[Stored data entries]
<<<<
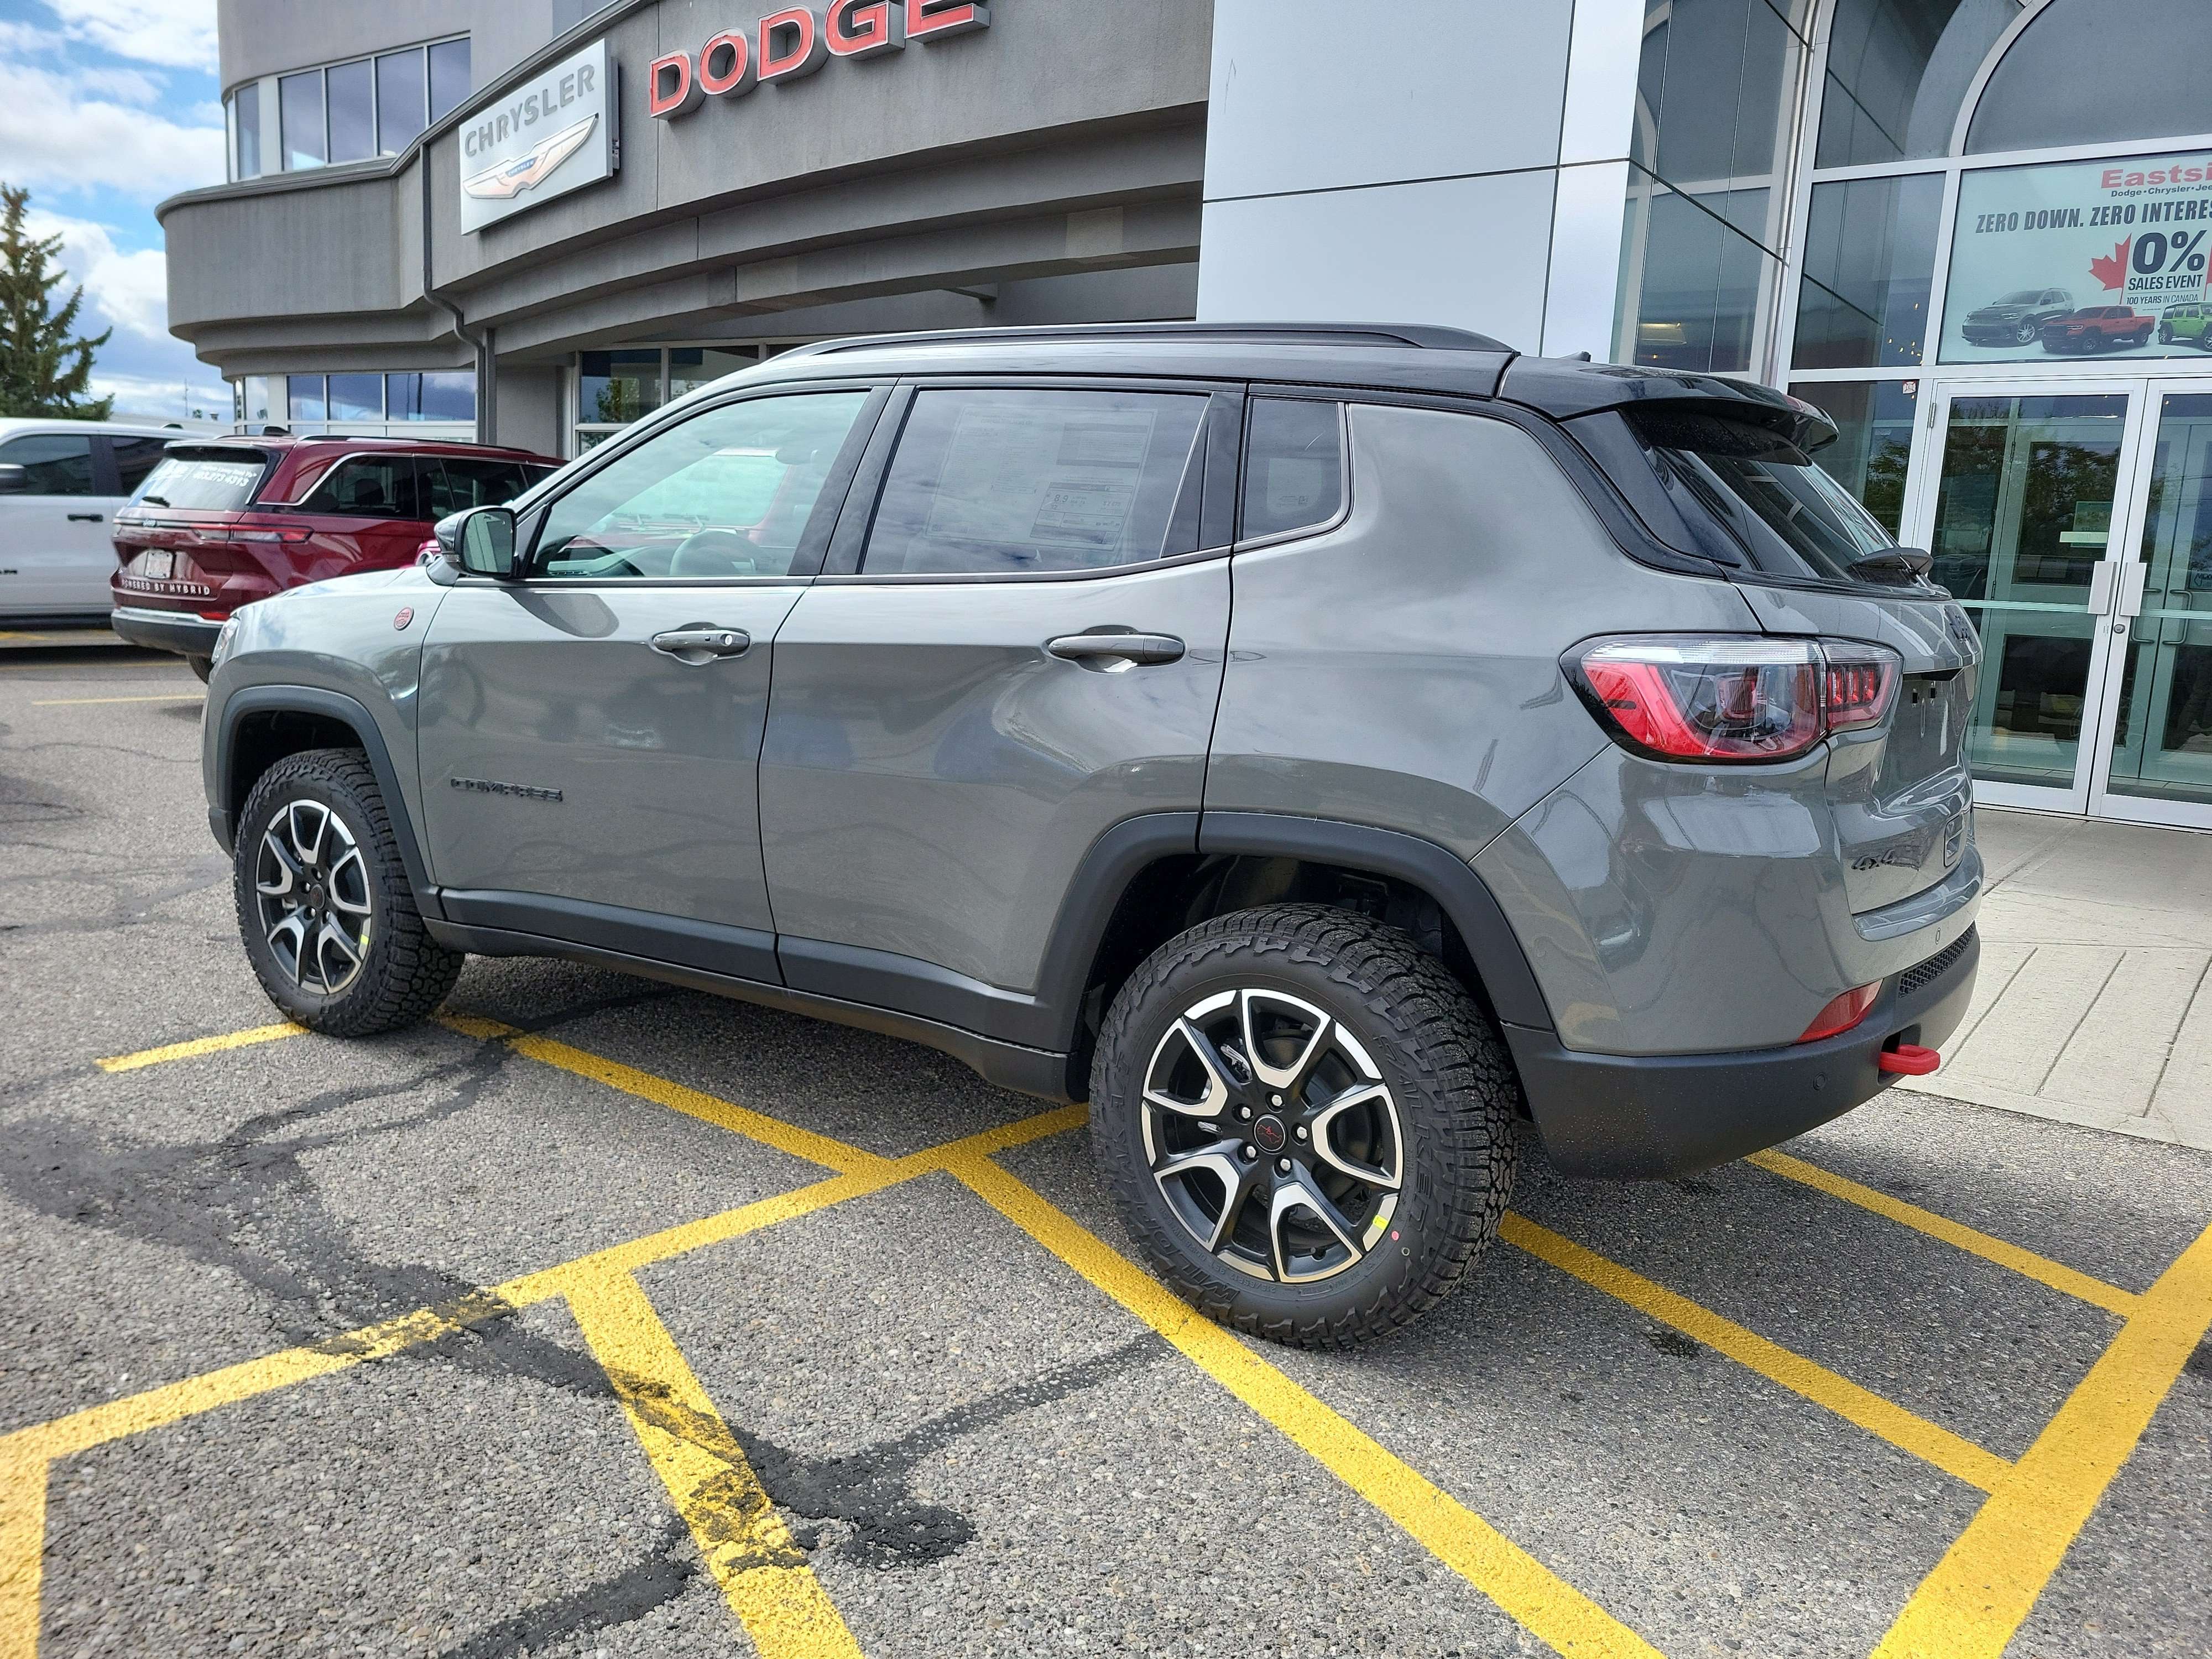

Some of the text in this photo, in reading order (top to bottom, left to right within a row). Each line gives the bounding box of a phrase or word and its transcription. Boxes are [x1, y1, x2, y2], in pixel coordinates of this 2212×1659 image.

[650, 0, 977, 118] DODGE
[465, 64, 594, 157] CHRYSLER
[2148, 186, 2190, 195] Chrysler
[1975, 212, 2018, 233] ZERO
[2024, 208, 2084, 230] DOWN.
[2089, 204, 2136, 227] ZERO
[2132, 230, 2207, 274] 0%
[2128, 274, 2203, 290] SALES EVENT
[2140, 295, 2162, 304] YEARS
[2171, 294, 2198, 303] CANADA
[169, 583, 210, 596] HYBRID
>>>>
An exact copy of the entries, minus the pictures, is what's needed here.

Some of the text in this photo, in reading order (top to bottom, left to right within a row). Each line gives the bounding box of a phrase or word and its transcription. Boxes are [x1, y1, x2, y2], in pixel coordinates of this 2212×1659 image.

[650, 0, 977, 118] DODGE
[465, 64, 594, 157] CHRYSLER
[2148, 186, 2190, 195] Chrysler
[1975, 212, 2018, 233] ZERO
[2024, 208, 2084, 230] DOWN.
[2089, 204, 2136, 227] ZERO
[2132, 230, 2207, 274] 0%
[2128, 274, 2203, 290] SALES EVENT
[2140, 295, 2162, 304] YEARS
[2171, 294, 2198, 303] CANADA
[169, 583, 210, 596] HYBRID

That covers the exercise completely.